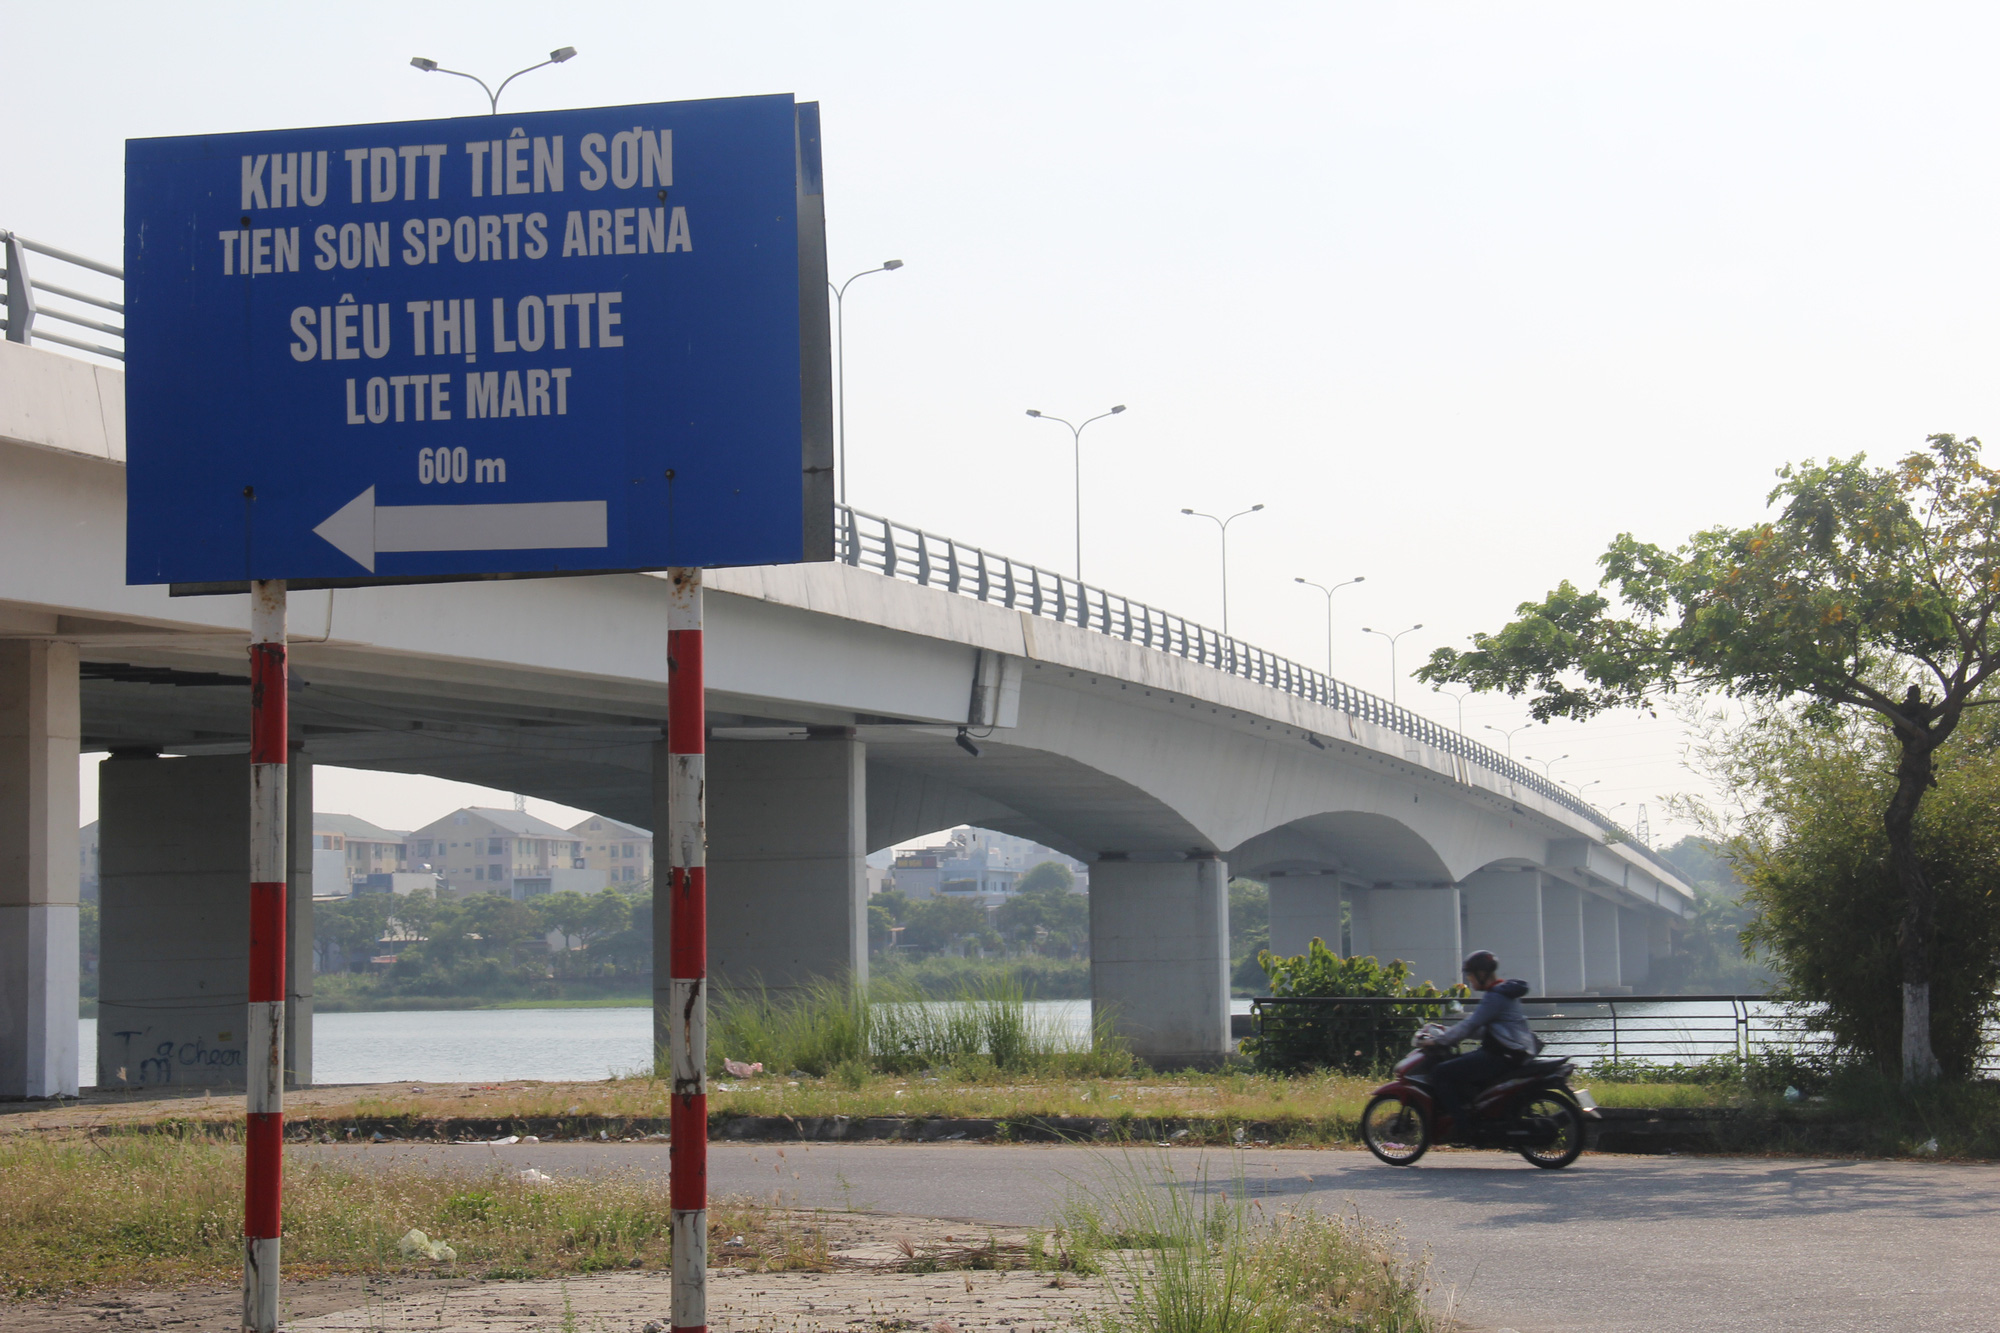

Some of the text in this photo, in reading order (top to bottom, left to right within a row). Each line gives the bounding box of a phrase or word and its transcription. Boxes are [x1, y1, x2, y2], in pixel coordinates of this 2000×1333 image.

[241, 125, 673, 210] KHU TDTT TIÊN SƠN
[218, 206, 693, 276] TIEN SON SPORTS ARENA
[290, 291, 624, 364] SIÊU THỊ LOTTE
[346, 367, 572, 425] LOTTE MART
[418, 446, 506, 485] 600 m
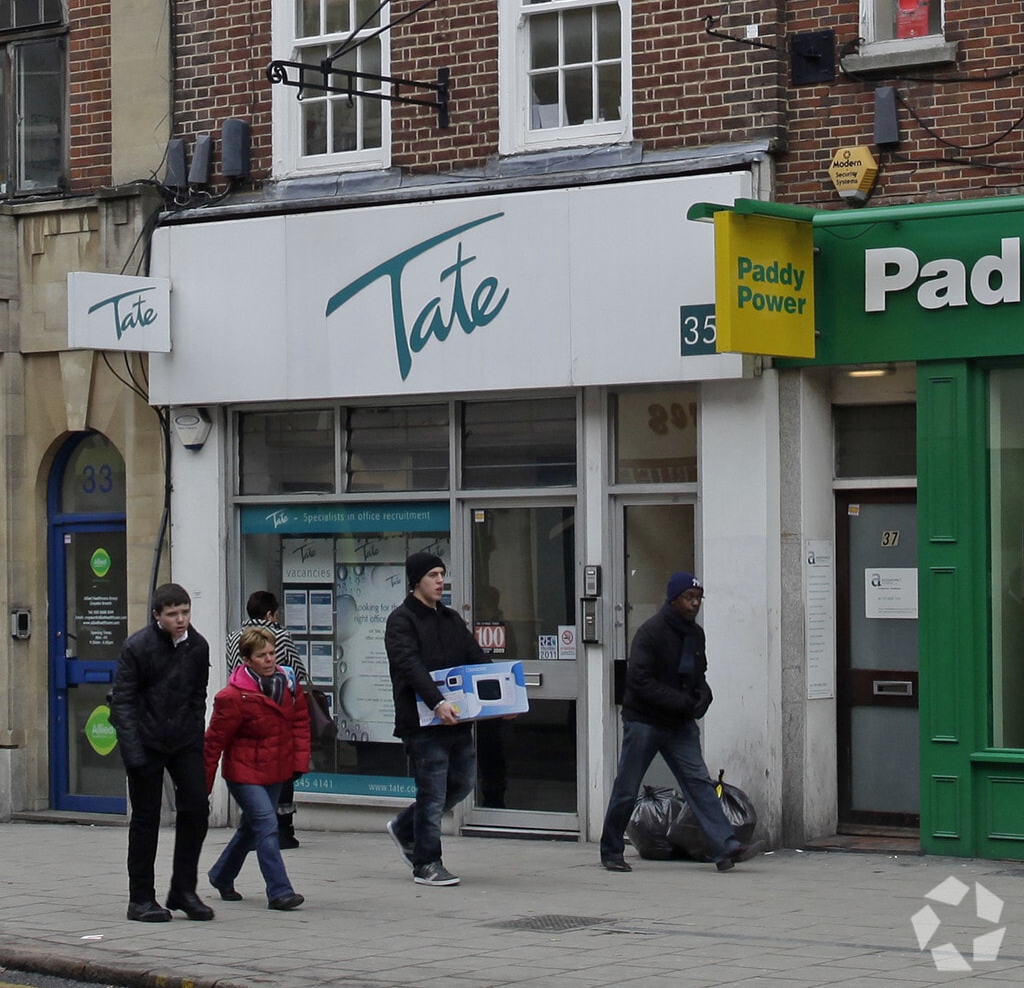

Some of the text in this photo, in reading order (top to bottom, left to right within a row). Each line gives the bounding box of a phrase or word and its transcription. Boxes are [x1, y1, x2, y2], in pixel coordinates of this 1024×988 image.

[833, 160, 862, 168] Modern
[738, 257, 805, 291] Paddy
[865, 237, 1020, 313] Pad
[326, 212, 510, 382] Tate
[738, 286, 806, 315] Power
[88, 286, 158, 340] Tate
[684, 315, 716, 345] 35
[82, 464, 112, 494] 33
[265, 508, 289, 529] Tate
[304, 512, 345, 524] Specialists
[357, 512, 380, 520] office
[383, 511, 430, 520] recruitment
[883, 532, 898, 546] 37
[292, 541, 316, 563] Tate
[354, 542, 380, 561] Tate
[286, 567, 331, 578] vacancies
[356, 603, 380, 613] Looking
[380, 603, 390, 611] for
[354, 616, 368, 625] right
[477, 626, 505, 647] 100
[540, 651, 557, 659] 2011
[312, 779, 333, 788] 4141
[368, 783, 416, 792] www.tate.co
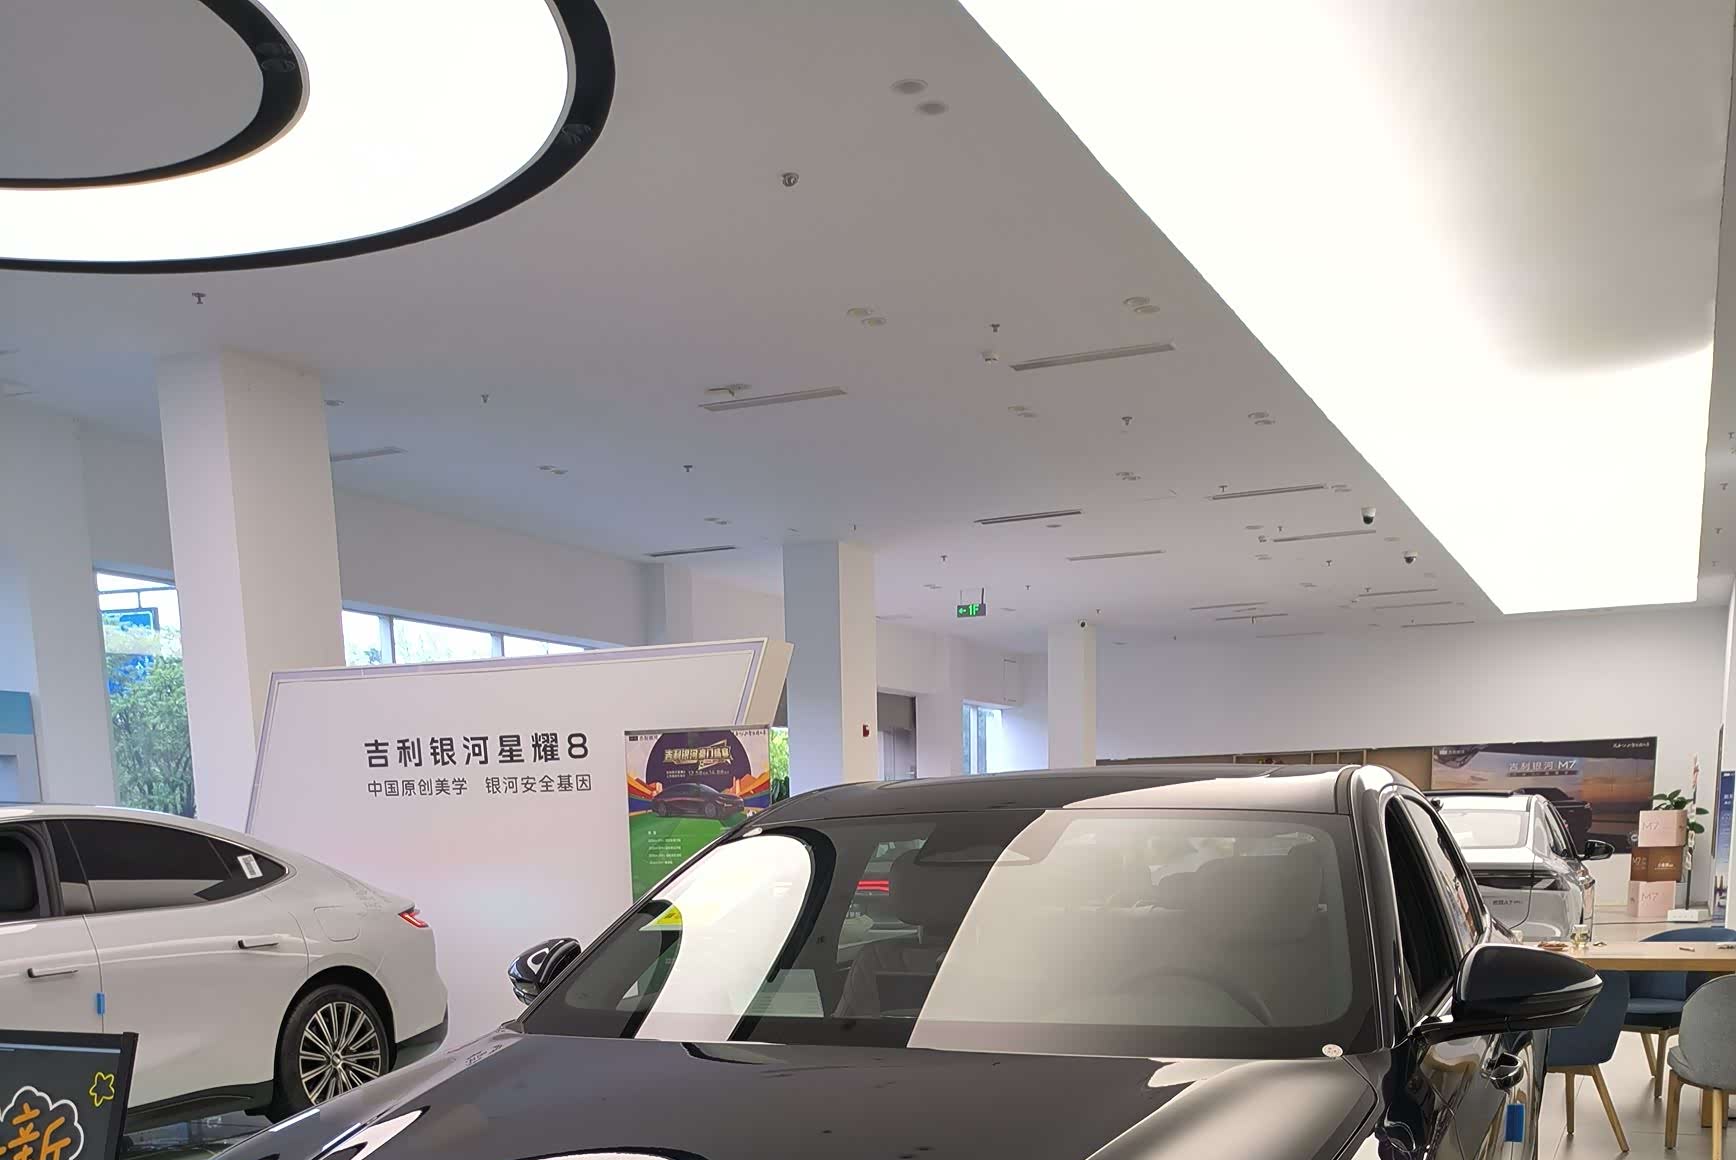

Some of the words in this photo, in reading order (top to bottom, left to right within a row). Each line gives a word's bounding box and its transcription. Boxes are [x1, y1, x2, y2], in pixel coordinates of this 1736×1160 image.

[364, 732, 589, 768] 吉利银河星耀8
[1558, 759, 1577, 769] M7
[367, 777, 468, 797] 中国原创美学
[485, 774, 592, 795] 银河安全基因

Brief - Exact repetition of all the records is required, with the pictures excluded.

Solution for this exercise -
Some of the text in this photo, in reading order (top to bottom, left to right within a row). Each line gives the bounding box of a phrase or word and its transcription. Boxes are [x1, y1, x2, y2], in pixel coordinates of this 2000×1333 image.

[241, 125, 673, 210] KHU TDTT TIÊN SƠN
[218, 206, 693, 276] TIEN SON SPORTS ARENA
[290, 291, 624, 364] SIÊU THỊ LOTTE
[346, 367, 572, 425] LOTTE MART
[418, 446, 506, 485] 600 m

Some of the text in this photo, in reading order (top to bottom, left to right within a row). Each line gives the bounding box of a phrase or word and its transcription. Boxes are [x1, y1, x2, y2], in pixel coordinates of this 1024×988 image.

[833, 160, 862, 168] Modern
[738, 257, 805, 291] Paddy
[865, 237, 1020, 313] Pad
[326, 212, 510, 382] Tate
[738, 286, 806, 315] Power
[88, 286, 158, 340] Tate
[684, 315, 716, 345] 35
[82, 464, 112, 494] 33
[265, 508, 289, 529] Tate
[304, 512, 345, 524] Specialists
[357, 512, 380, 520] office
[383, 511, 430, 520] recruitment
[883, 532, 898, 546] 37
[292, 541, 316, 563] Tate
[354, 542, 380, 561] Tate
[286, 567, 331, 578] vacancies
[356, 603, 380, 613] Looking
[380, 603, 390, 611] for
[354, 616, 368, 625] right
[477, 626, 505, 647] 100
[540, 651, 557, 659] 2011
[312, 779, 333, 788] 4141
[368, 783, 416, 792] www.tate.co

Some of the words in this photo, in reading order (top to bottom, left to right within a row). Each line gives a word's bounding box and its transcription. Boxes are [x1, y1, x2, y2], in pixel coordinates of this 1736×1160 image.

[364, 732, 589, 768] 吉利银河星耀8
[1558, 759, 1577, 769] M7
[367, 777, 468, 797] 中国原创美学
[485, 774, 592, 795] 银河安全基因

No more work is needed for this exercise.